*What the exercise asks:* Return every line below as is, leaving out the pictures.

*Supplied information:*
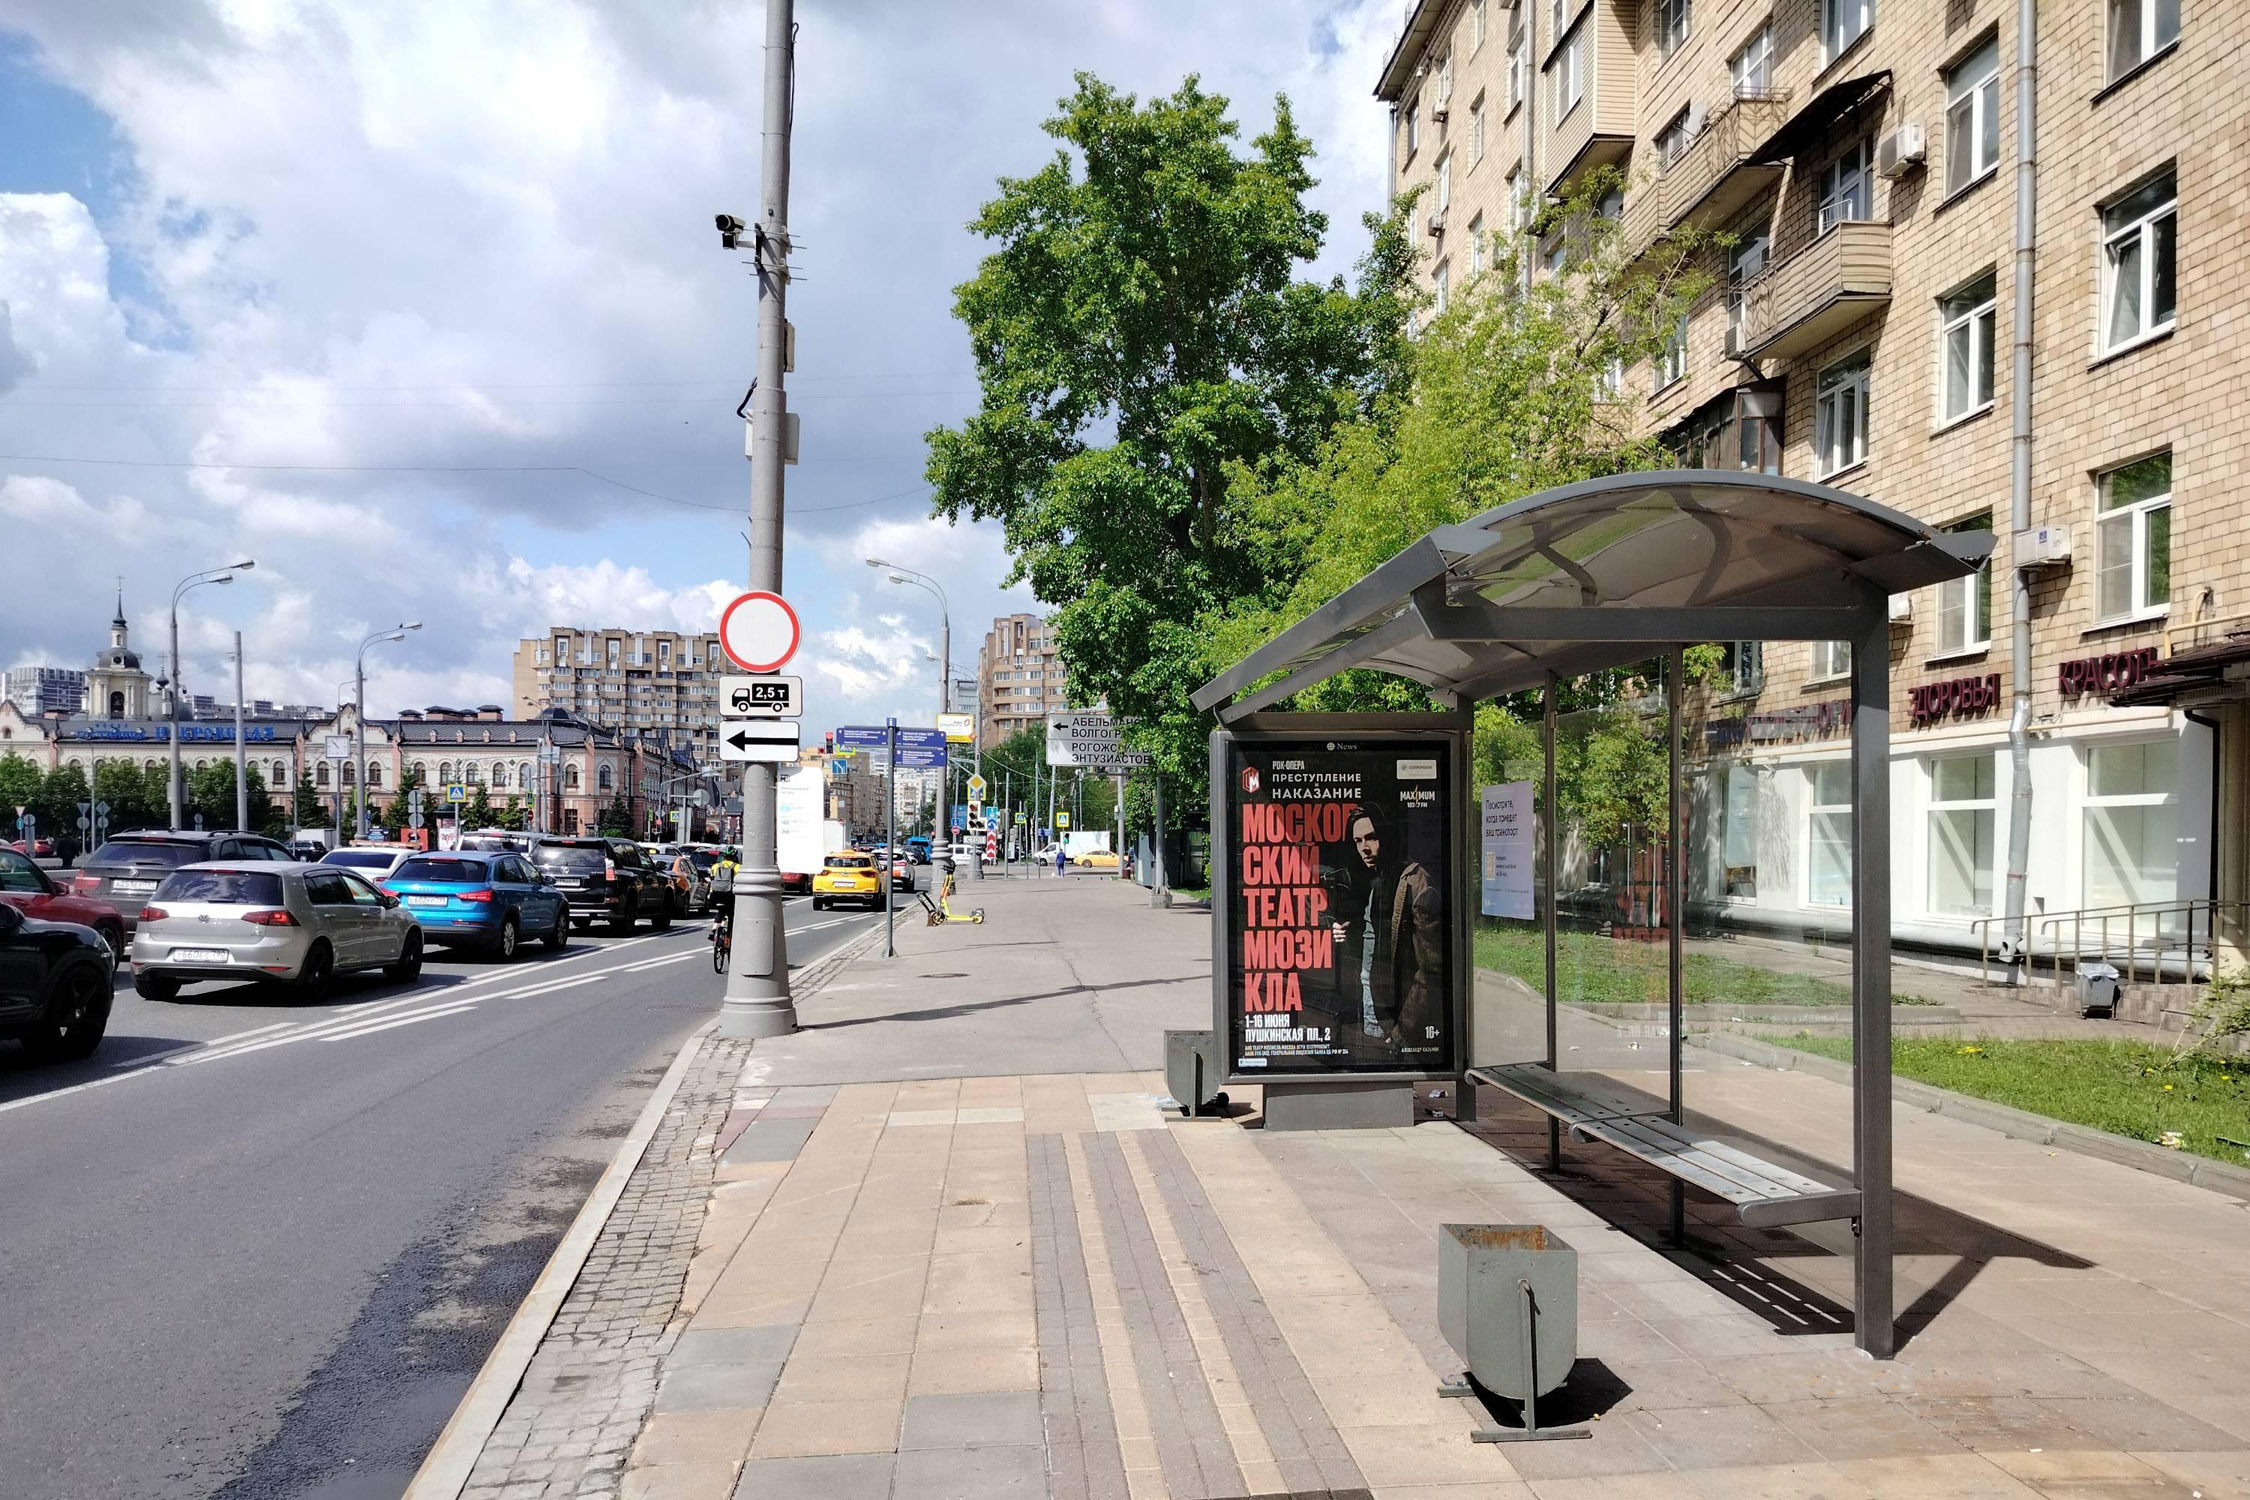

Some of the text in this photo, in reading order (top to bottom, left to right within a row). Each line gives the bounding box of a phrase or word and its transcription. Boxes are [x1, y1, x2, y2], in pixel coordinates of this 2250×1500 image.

[755, 686, 775, 700] 2,5
[1907, 673, 2000, 721] ЗДОРОВЬЯ
[1072, 728, 1122, 739] ВОЛГОГР
[1336, 742, 1358, 751] News
[1072, 753, 1151, 765] ЭНТУЗИАСТОВ
[1272, 760, 1305, 771] РОК-ОПЕРА
[1272, 773, 1361, 783] ПРЕСТУПЛЕНИЕ
[1272, 788, 1362, 799] НАКАЗАНИЕ
[1242, 841, 1320, 886] СКИЙ
[1242, 887, 1329, 928] ТЕАТР
[1243, 929, 1333, 970] МЮЗИ
[1244, 971, 1303, 1012] КЛА
[1264, 1013, 1290, 1028] ИЮНЯ
[1245, 1028, 1304, 1042] ПУШКИНСКАЯ
[1324, 1027, 1331, 1041] 2
[1425, 1025, 1440, 1039] 16+

*Expected answer:*
Some of the text in this photo, in reading order (top to bottom, left to right within a row). Each line gives the bounding box of a phrase or word and its transcription. Boxes are [x1, y1, x2, y2], in pixel coordinates of this 2250×1500 image.

[755, 686, 775, 700] 2,5
[1907, 673, 2000, 721] ЗДОРОВЬЯ
[1072, 728, 1122, 739] ВОЛГОГР
[1336, 742, 1358, 751] News
[1072, 753, 1151, 765] ЭНТУЗИАСТОВ
[1272, 760, 1305, 771] РОК-ОПЕРА
[1272, 773, 1361, 783] ПРЕСТУПЛЕНИЕ
[1272, 788, 1362, 799] НАКАЗАНИЕ
[1242, 841, 1320, 886] СКИЙ
[1242, 887, 1329, 928] ТЕАТР
[1243, 929, 1333, 970] МЮЗИ
[1244, 971, 1303, 1012] КЛА
[1264, 1013, 1290, 1028] ИЮНЯ
[1245, 1028, 1304, 1042] ПУШКИНСКАЯ
[1324, 1027, 1331, 1041] 2
[1425, 1025, 1440, 1039] 16+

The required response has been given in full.